By DAN SAXTON
I’ve recently arrived in Missoula after moving up from Southern California. Many may wonder: why did I leave the land of eternal sunshine, the ideal beachgoing climate, to move into a hardy, rugged country?
First of all, I am no stranger to four-season weather, having grown up in the countryside of upstate New York and learning to appreciate the variety of spring, summer, fall and winter. The average temperatures of both upstate New York and Missoula are remarkably similar, except that New York is more humid (which I’m glad to do away with here!). So, in one sense, Missoula is not much different from my ancestral home.
Most concretely, however, the plainest reason I can offer for moving to Missoula is that Montana has imprinted herself upon me from an early age. I used to take many family vacations out West, and the first one of them all occurred when I was six years old – to Glacier National Park. That first sight of the Big Sky, the Rocky Mountains, year-round snow, and the amazing beauty of the wild country all powerfully impressed my young mind. Since then the Northern Rockies as a whole have been one of my favorite places upon Earth.

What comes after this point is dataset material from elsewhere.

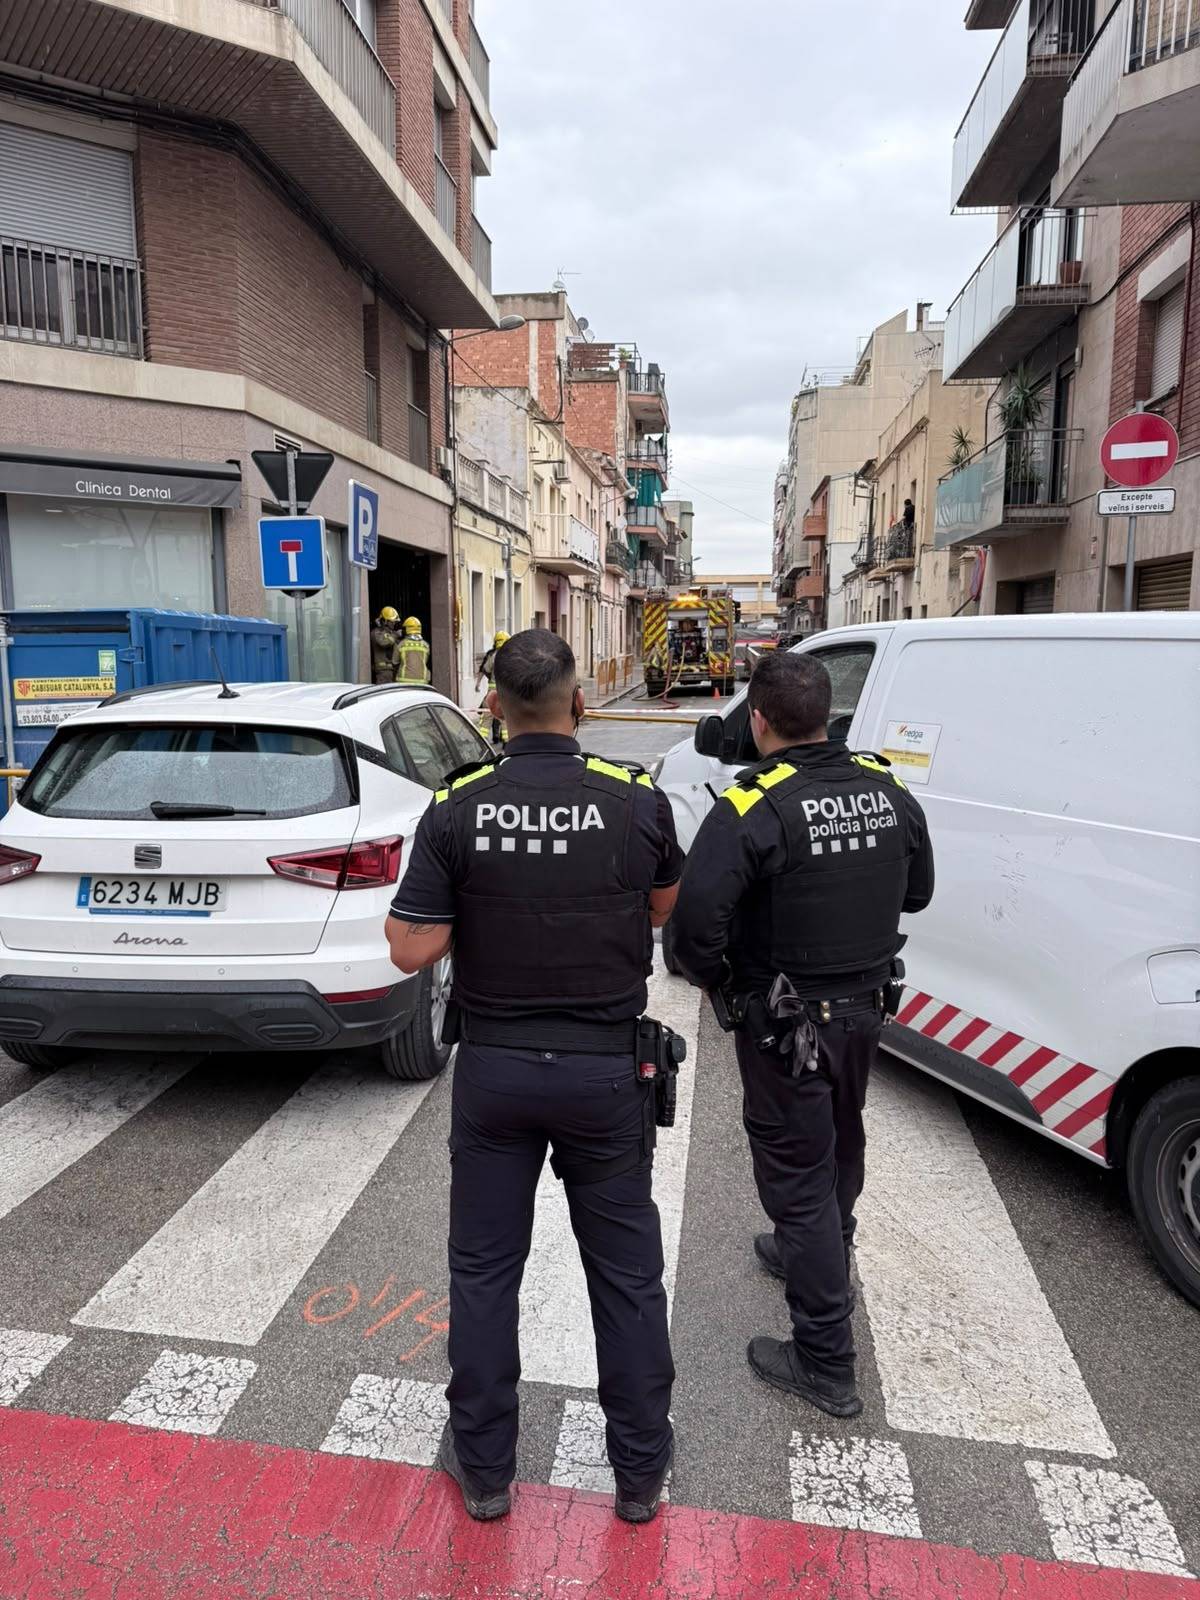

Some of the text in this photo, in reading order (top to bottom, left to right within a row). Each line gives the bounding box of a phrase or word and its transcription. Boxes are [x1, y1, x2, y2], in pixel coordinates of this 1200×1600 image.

So Montana is a cool place for me……but why Missoula specifically? Well, Missoula is just the right-sized little city for me – not too big, but large enough to have a thriving, vibrant community that has everything I need. It is a dynamic, innovative city that appeals well to people like me who are intellectual and who appreciate the liberal arts. That’s important for me as I explore long-term avenues for making a living here. I also feel that Missoula has better overall access to the type of mountains and wild country that I like than these other two places. For me personally, Glacier Park has a stronger pull than Yellowstone does (though Yellowstone is only four hours away at its closest entrance, which isn’t too bad). Overall, Missoula seems to have a bright future going for it, which also attracts me.
One final reason why I’ve settled in Missoula is that I already have friends there whom I knew in California. They’ve encouraged me to come and be part of Covenant Reformed Church, a new church that has only begun over the last couple years. My Christian faith is very important to me and I am very glad for the opportunity to help this church grow. I’ve already received a great deal of assistance from these friends and other new people whom I’ve met over the last couple weeks since I arrived in town. Therefore, I greatly emphasize the importance of having good social connections, for they make moving into a new area so much easier.
I’ve started this brand-new blog to chronicle my adventures as a newcomer to Missoula as I get to know the community and the beautiful surroundings around town. I feel that my perspective is particularly interesting since I’m a deaf individual who functions primarily in the hearing world and also because I have a strong awareness of my surroundings. I have long studied Montana’s mountains and am eager to showcase them to not only fellow Missoulians, but also to “outsiders.” I hope you will be pleased to join me as I describe settling down in this remarkable city!
Dan Saxton is a newcomer to Missoula. He originally hails from New York, and spent the last four years in California attending graduate school in San Diego. Dan was first introduced to Montana (and the West) at the tender age of six, and has considered it one of his favorite places ever since. Although Dan is hearing-impaired and uses a cochlear implant, he refuses to view his disability as an insurmountable barrier. Now he seeks to make a living in Missoula, spending plenty of time hiking and climbing along the way and sharing his experiences with many others!